Activity: Repeat verbatim what the listing holds, but not its pictures.

Data shown:
◇ ◇ ◇ ◇ ◇ ◇ ◇
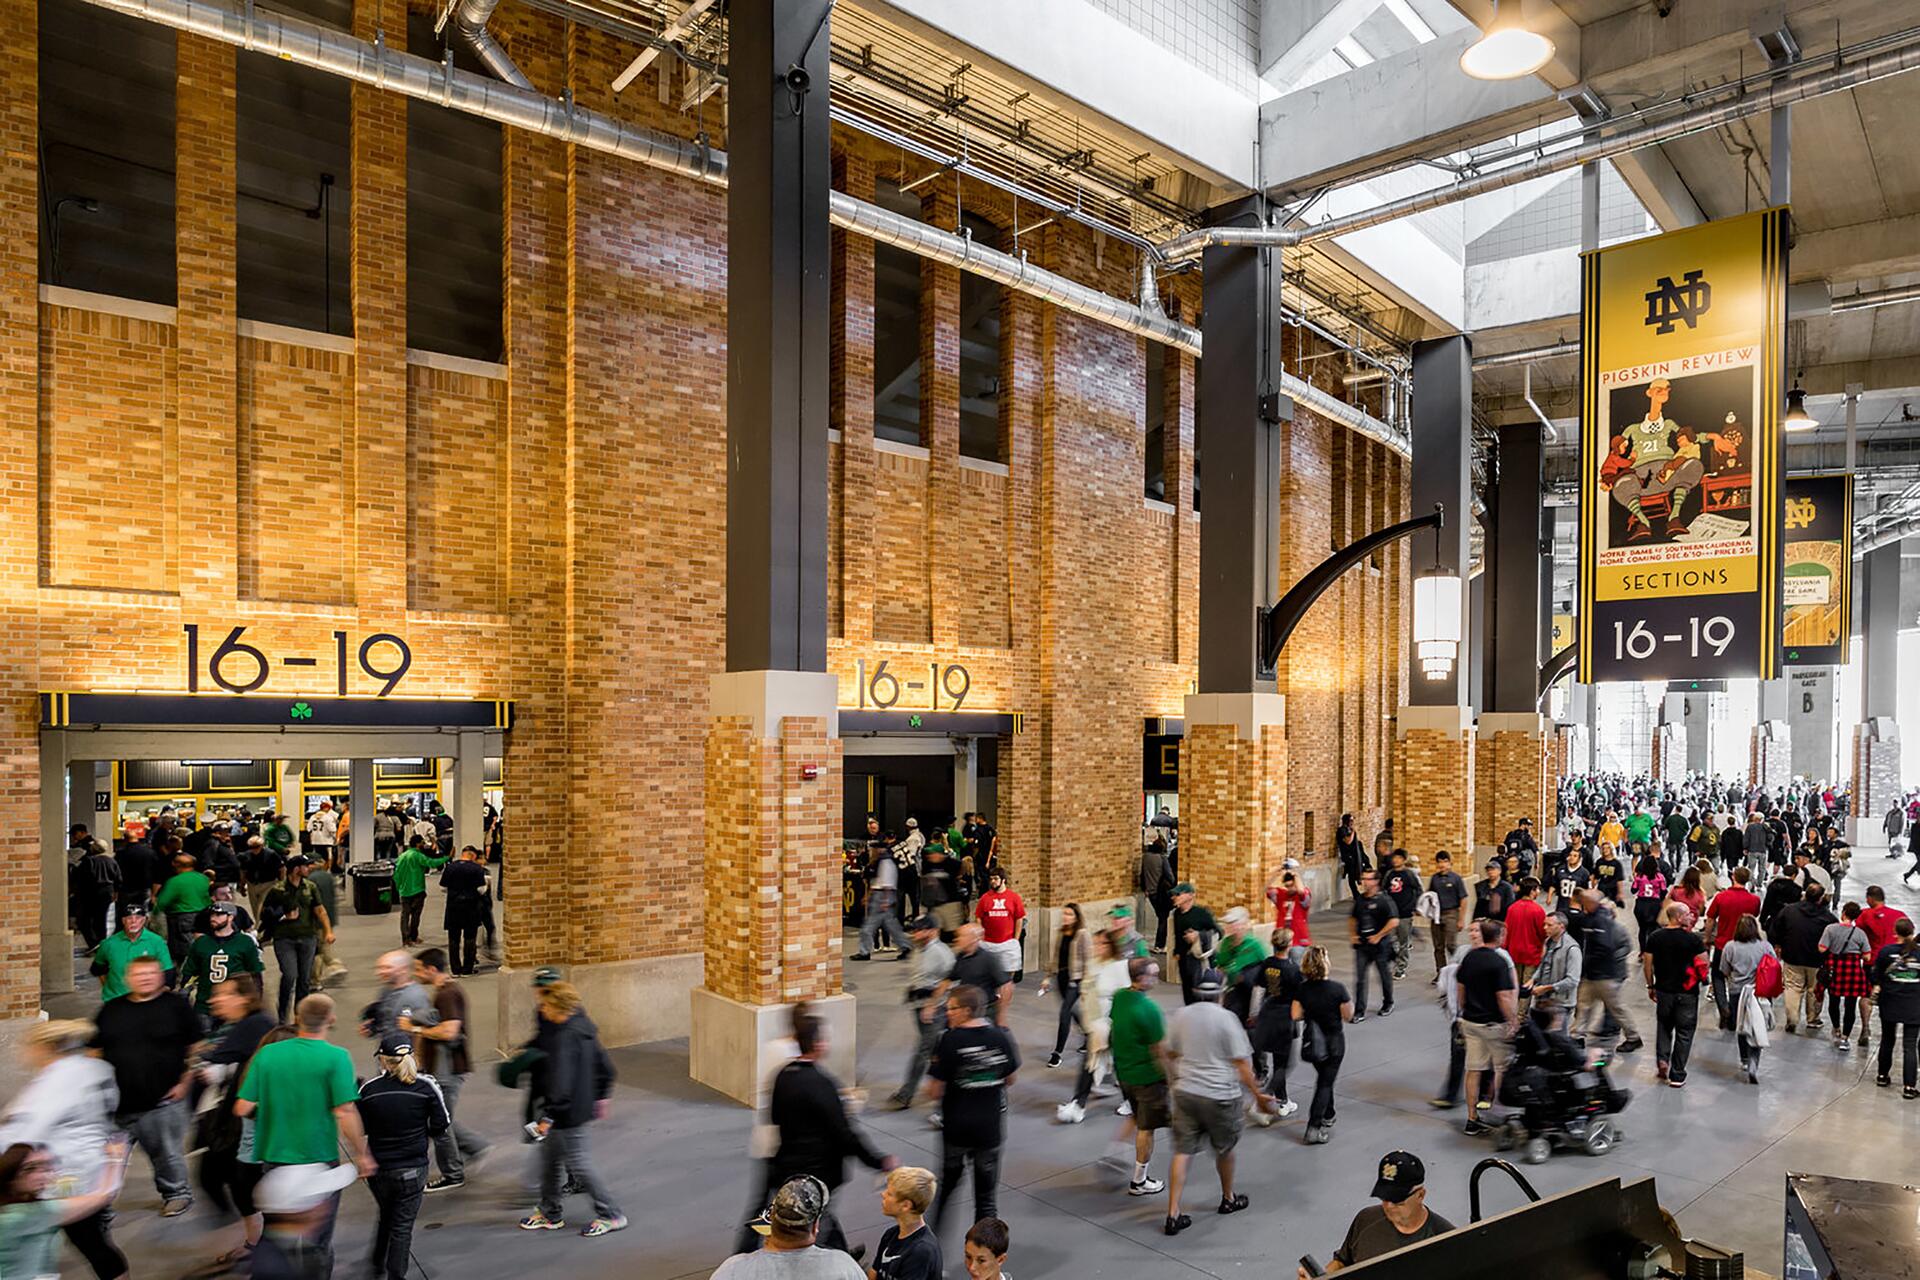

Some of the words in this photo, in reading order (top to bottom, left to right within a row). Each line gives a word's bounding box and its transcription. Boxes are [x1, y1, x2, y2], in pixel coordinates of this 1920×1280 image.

[1602, 363, 1670, 385] PIGSKIN
[1682, 347, 1753, 371] REVIEW
[1630, 548, 1652, 556] DAME
[1665, 543, 1704, 553] SOUTHERN
[1705, 540, 1751, 549] CALIFORNIA
[1600, 557, 1624, 565] HOME
[1627, 554, 1662, 563] COMING
[1622, 568, 1728, 590] SECTIONS
[1614, 616, 1735, 660] 16-19
[184, 624, 411, 697] 16-19
[858, 659, 970, 711] 16-19
[1803, 692, 1814, 713] B
[98, 794, 107, 803] 17
[1709, 833, 1716, 846] 9
[1560, 879, 1577, 897] 81
[1644, 884, 1653, 897] 5
[210, 954, 229, 983] 5
◇ ◇ ◇ ◇ ◇ ◇ ◇
Response area:
Some of the words in this photo, in reading order (top to bottom, left to right within a row). Each line gives a word's bounding box and its transcription. Boxes are [x1, y1, x2, y2], in pixel coordinates of this 1920×1280 image.

[1602, 363, 1670, 385] PIGSKIN
[1682, 347, 1753, 371] REVIEW
[1630, 548, 1652, 556] DAME
[1665, 543, 1704, 553] SOUTHERN
[1705, 540, 1751, 549] CALIFORNIA
[1600, 557, 1624, 565] HOME
[1627, 554, 1662, 563] COMING
[1622, 568, 1728, 590] SECTIONS
[1614, 616, 1735, 660] 16-19
[184, 624, 411, 697] 16-19
[858, 659, 970, 711] 16-19
[1803, 692, 1814, 713] B
[98, 794, 107, 803] 17
[1709, 833, 1716, 846] 9
[1560, 879, 1577, 897] 81
[1644, 884, 1653, 897] 5
[210, 954, 229, 983] 5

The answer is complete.